• **Instructions to follow**
All of the lines below should be printed again exactly as they are.

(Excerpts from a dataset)
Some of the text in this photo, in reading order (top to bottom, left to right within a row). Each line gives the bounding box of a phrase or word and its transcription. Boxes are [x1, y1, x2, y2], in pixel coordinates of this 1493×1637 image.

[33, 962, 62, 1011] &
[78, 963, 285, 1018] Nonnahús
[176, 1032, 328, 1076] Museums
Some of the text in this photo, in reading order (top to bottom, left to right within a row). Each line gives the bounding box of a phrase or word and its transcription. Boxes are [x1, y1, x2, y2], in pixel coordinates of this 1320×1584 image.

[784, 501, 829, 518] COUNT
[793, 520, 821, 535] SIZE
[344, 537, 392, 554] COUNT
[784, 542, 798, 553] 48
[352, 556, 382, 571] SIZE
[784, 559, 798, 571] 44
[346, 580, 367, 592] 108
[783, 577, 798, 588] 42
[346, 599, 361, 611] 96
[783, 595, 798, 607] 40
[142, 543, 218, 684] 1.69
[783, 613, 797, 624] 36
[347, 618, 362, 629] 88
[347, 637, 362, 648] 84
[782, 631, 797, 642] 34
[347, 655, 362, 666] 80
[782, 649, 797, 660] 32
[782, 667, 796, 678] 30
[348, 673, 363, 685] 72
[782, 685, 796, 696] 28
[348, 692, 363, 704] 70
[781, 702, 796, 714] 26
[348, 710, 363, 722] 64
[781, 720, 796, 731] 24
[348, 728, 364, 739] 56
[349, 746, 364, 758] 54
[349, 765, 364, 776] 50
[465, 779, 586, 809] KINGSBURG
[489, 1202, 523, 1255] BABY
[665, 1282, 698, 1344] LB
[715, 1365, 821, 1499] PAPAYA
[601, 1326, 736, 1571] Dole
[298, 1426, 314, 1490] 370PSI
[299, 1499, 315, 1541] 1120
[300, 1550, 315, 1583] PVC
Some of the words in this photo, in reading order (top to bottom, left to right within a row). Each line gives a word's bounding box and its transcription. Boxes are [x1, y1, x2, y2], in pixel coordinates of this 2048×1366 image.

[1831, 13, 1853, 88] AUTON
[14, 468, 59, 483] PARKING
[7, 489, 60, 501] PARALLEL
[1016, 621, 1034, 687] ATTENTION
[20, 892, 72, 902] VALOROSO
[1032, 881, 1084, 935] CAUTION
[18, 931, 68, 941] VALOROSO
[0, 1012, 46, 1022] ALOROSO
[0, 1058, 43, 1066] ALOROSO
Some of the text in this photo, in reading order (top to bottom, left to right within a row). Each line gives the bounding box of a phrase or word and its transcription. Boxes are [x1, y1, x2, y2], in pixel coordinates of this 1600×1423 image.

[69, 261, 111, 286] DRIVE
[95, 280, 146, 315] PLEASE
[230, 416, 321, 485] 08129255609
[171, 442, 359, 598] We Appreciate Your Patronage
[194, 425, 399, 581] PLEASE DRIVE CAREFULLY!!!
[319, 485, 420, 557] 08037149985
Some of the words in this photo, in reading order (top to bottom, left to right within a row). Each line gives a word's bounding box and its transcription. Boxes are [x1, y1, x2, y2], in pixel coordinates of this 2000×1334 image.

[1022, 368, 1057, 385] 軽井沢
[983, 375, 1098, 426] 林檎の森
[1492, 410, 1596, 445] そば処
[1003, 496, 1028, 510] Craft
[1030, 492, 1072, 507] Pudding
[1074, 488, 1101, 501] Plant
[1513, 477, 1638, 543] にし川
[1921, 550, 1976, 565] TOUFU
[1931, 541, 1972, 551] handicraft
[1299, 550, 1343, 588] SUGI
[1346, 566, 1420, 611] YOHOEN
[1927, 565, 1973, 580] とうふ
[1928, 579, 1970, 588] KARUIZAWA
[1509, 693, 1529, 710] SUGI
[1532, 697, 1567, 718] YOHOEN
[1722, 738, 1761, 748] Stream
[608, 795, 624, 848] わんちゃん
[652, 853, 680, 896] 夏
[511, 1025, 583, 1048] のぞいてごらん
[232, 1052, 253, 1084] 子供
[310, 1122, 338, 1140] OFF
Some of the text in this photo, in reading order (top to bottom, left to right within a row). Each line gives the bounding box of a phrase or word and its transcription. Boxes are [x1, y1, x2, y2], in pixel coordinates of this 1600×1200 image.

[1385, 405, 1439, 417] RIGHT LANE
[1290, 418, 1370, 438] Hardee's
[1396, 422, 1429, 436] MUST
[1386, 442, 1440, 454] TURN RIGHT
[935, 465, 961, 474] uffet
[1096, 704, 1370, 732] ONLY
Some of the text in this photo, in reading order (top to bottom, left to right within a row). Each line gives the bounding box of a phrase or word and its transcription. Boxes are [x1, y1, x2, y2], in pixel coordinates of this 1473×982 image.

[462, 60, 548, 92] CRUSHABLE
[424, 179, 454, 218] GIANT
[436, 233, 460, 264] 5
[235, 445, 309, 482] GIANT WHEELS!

• **Solution for this task**
Some of the text in this photo, in reading order (top to bottom, left to right within a row). Each line gives the bounding box of a phrase or word and its transcription. Boxes are [x1, y1, x2, y2], in pixel coordinates of this 1493×1637 image.

[33, 962, 62, 1011] &
[78, 963, 285, 1018] Nonnahús
[176, 1032, 328, 1076] Museums
Some of the text in this photo, in reading order (top to bottom, left to right within a row). Each line gives the bounding box of a phrase or word and its transcription. Boxes are [x1, y1, x2, y2], in pixel coordinates of this 1320×1584 image.

[784, 501, 829, 518] COUNT
[793, 520, 821, 535] SIZE
[344, 537, 392, 554] COUNT
[784, 542, 798, 553] 48
[352, 556, 382, 571] SIZE
[784, 559, 798, 571] 44
[346, 580, 367, 592] 108
[783, 577, 798, 588] 42
[346, 599, 361, 611] 96
[783, 595, 798, 607] 40
[142, 543, 218, 684] 1.69
[783, 613, 797, 624] 36
[347, 618, 362, 629] 88
[347, 637, 362, 648] 84
[782, 631, 797, 642] 34
[347, 655, 362, 666] 80
[782, 649, 797, 660] 32
[782, 667, 796, 678] 30
[348, 673, 363, 685] 72
[782, 685, 796, 696] 28
[348, 692, 363, 704] 70
[781, 702, 796, 714] 26
[348, 710, 363, 722] 64
[781, 720, 796, 731] 24
[348, 728, 364, 739] 56
[349, 746, 364, 758] 54
[349, 765, 364, 776] 50
[465, 779, 586, 809] KINGSBURG
[489, 1202, 523, 1255] BABY
[665, 1282, 698, 1344] LB
[715, 1365, 821, 1499] PAPAYA
[601, 1326, 736, 1571] Dole
[298, 1426, 314, 1490] 370PSI
[299, 1499, 315, 1541] 1120
[300, 1550, 315, 1583] PVC
Some of the words in this photo, in reading order (top to bottom, left to right within a row). Each line gives a word's bounding box and its transcription. Boxes are [x1, y1, x2, y2], in pixel coordinates of this 2048×1366 image.

[1831, 13, 1853, 88] AUTON
[14, 468, 59, 483] PARKING
[7, 489, 60, 501] PARALLEL
[1016, 621, 1034, 687] ATTENTION
[20, 892, 72, 902] VALOROSO
[1032, 881, 1084, 935] CAUTION
[18, 931, 68, 941] VALOROSO
[0, 1012, 46, 1022] ALOROSO
[0, 1058, 43, 1066] ALOROSO
Some of the text in this photo, in reading order (top to bottom, left to right within a row). Each line gives the bounding box of a phrase or word and its transcription. Boxes are [x1, y1, x2, y2], in pixel coordinates of this 1600×1423 image.

[69, 261, 111, 286] DRIVE
[95, 280, 146, 315] PLEASE
[230, 416, 321, 485] 08129255609
[171, 442, 359, 598] We Appreciate Your Patronage
[194, 425, 399, 581] PLEASE DRIVE CAREFULLY!!!
[319, 485, 420, 557] 08037149985
Some of the words in this photo, in reading order (top to bottom, left to right within a row). Each line gives a word's bounding box and its transcription. Boxes are [x1, y1, x2, y2], in pixel coordinates of this 2000×1334 image.

[1022, 368, 1057, 385] 軽井沢
[983, 375, 1098, 426] 林檎の森
[1492, 410, 1596, 445] そば処
[1003, 496, 1028, 510] Craft
[1030, 492, 1072, 507] Pudding
[1074, 488, 1101, 501] Plant
[1513, 477, 1638, 543] にし川
[1921, 550, 1976, 565] TOUFU
[1931, 541, 1972, 551] handicraft
[1299, 550, 1343, 588] SUGI
[1346, 566, 1420, 611] YOHOEN
[1927, 565, 1973, 580] とうふ
[1928, 579, 1970, 588] KARUIZAWA
[1509, 693, 1529, 710] SUGI
[1532, 697, 1567, 718] YOHOEN
[1722, 738, 1761, 748] Stream
[608, 795, 624, 848] わんちゃん
[652, 853, 680, 896] 夏
[511, 1025, 583, 1048] のぞいてごらん
[232, 1052, 253, 1084] 子供
[310, 1122, 338, 1140] OFF
Some of the text in this photo, in reading order (top to bottom, left to right within a row). Each line gives the bounding box of a phrase or word and its transcription. Boxes are [x1, y1, x2, y2], in pixel coordinates of this 1600×1200 image.

[1385, 405, 1439, 417] RIGHT LANE
[1290, 418, 1370, 438] Hardee's
[1396, 422, 1429, 436] MUST
[1386, 442, 1440, 454] TURN RIGHT
[935, 465, 961, 474] uffet
[1096, 704, 1370, 732] ONLY
Some of the text in this photo, in reading order (top to bottom, left to right within a row). Each line gives the bounding box of a phrase or word and its transcription. Boxes are [x1, y1, x2, y2], in pixel coordinates of this 1473×982 image.

[462, 60, 548, 92] CRUSHABLE
[424, 179, 454, 218] GIANT
[436, 233, 460, 264] 5
[235, 445, 309, 482] GIANT WHEELS!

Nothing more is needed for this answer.